= TASK STATEMENT =
Collect all lines from the records below that include the word "CLUB".

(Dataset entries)
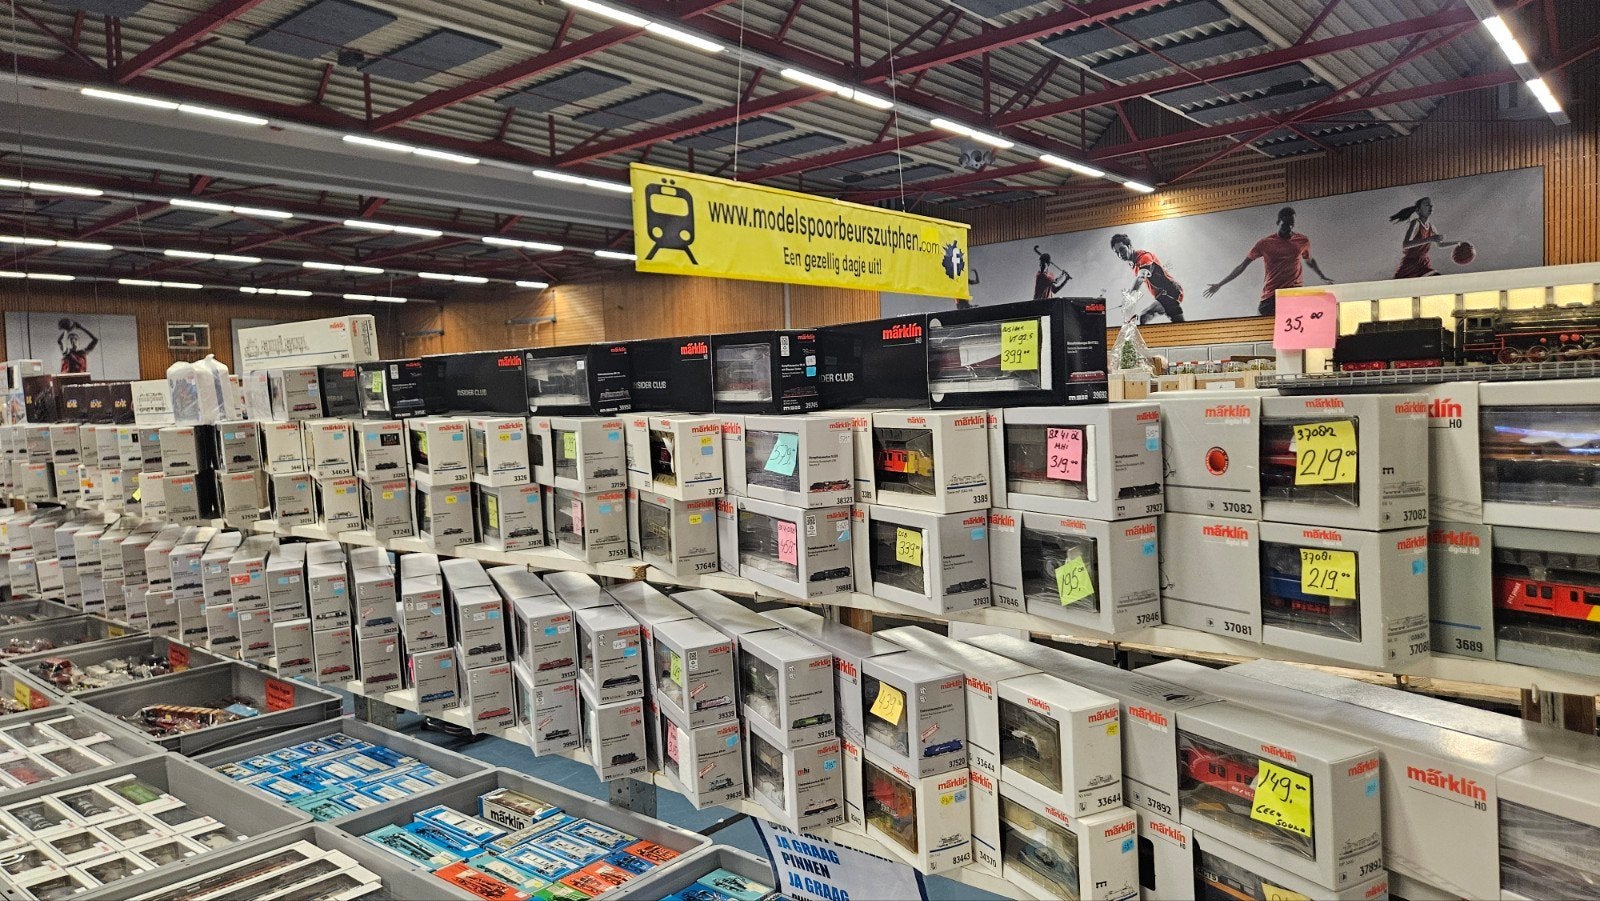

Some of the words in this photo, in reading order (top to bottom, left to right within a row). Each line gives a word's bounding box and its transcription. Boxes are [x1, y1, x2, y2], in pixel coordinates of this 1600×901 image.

[708, 199, 940, 255] www.modelspoorbeurszutphen.com
[783, 246, 802, 266] Een
[804, 249, 840, 275] gezellig
[842, 253, 866, 277] dagje
[867, 256, 882, 275] uit!
[1086, 304, 1105, 312] märklin
[882, 323, 923, 340] märklin
[680, 342, 708, 356] märklin
[497, 355, 522, 368] märklin
[835, 373, 854, 382] CLUB
[652, 381, 666, 389] CLUB
[1305, 398, 1344, 409] märklin
[1394, 402, 1427, 415] märklin
[1136, 411, 1160, 422] märklin
[1205, 403, 1250, 418] märklin
[602, 422, 622, 430] märklin
[829, 420, 852, 430] märklin
[907, 416, 926, 425] märklin
[954, 415, 985, 427] märklin
[1449, 419, 1462, 428] H0
[438, 423, 464, 432] märklin
[498, 423, 523, 432] märklin
[691, 424, 720, 434] märklin
[1297, 425, 1336, 441] 37082
[333, 479, 356, 487] märklin
[520, 486, 540, 494] märklin
[708, 487, 722, 496] 3372
[597, 492, 624, 502] märklin
[687, 500, 714, 510] märklin
[1222, 502, 1252, 513] 37082
[826, 511, 849, 520] märklin
[963, 515, 986, 525] märklin
[1403, 508, 1427, 521] 37082
[1060, 519, 1087, 530] märklin
[1125, 523, 1156, 537] märklin
[1203, 524, 1249, 540] märklin
[1302, 528, 1342, 542] märklin
[1397, 537, 1427, 550] märklin
[694, 562, 716, 571] 37646
[480, 603, 500, 611] märklin
[550, 614, 571, 623] märklin
[1136, 612, 1159, 625] 37846
[617, 628, 639, 638] märklin
[1224, 622, 1252, 636] 37081
[708, 646, 730, 656] märklin
[1455, 638, 1483, 653] 3689
[809, 659, 832, 669] märklin
[553, 684, 574, 693] märklin
[940, 680, 962, 691] märklin
[965, 677, 993, 695] märklin
[619, 705, 641, 715] märklin
[1027, 697, 1051, 712] märklin
[1088, 707, 1119, 724] märklin
[1129, 705, 1168, 727] märklin
[716, 726, 738, 737] märklin
[817, 744, 839, 756] märklin
[1260, 744, 1297, 763] märklin
[976, 757, 995, 773] 33644
[1347, 758, 1379, 778] märklin
[892, 765, 910, 781] märklin
[938, 777, 968, 791] märklin
[1407, 765, 1487, 802] märklin
[1097, 793, 1121, 808] 33644
[1147, 797, 1172, 816] 37892
[1474, 800, 1487, 812] H0
[490, 810, 525, 830] märklin
[1045, 806, 1069, 824] märklin
[1104, 821, 1135, 839] märklin
[1149, 821, 1186, 844] märklin
[775, 834, 790, 850] JA
[791, 836, 841, 865] GRAAG
[781, 851, 831, 878] PINNEN
[952, 852, 970, 865] 83443
[979, 851, 997, 868] 34370
[788, 872, 804, 890] JA
[805, 874, 850, 901] GRAAG
[1365, 882, 1387, 899] märklin

= YOUR SOLUTION =
[835, 373, 854, 382] CLUB
[652, 381, 666, 389] CLUB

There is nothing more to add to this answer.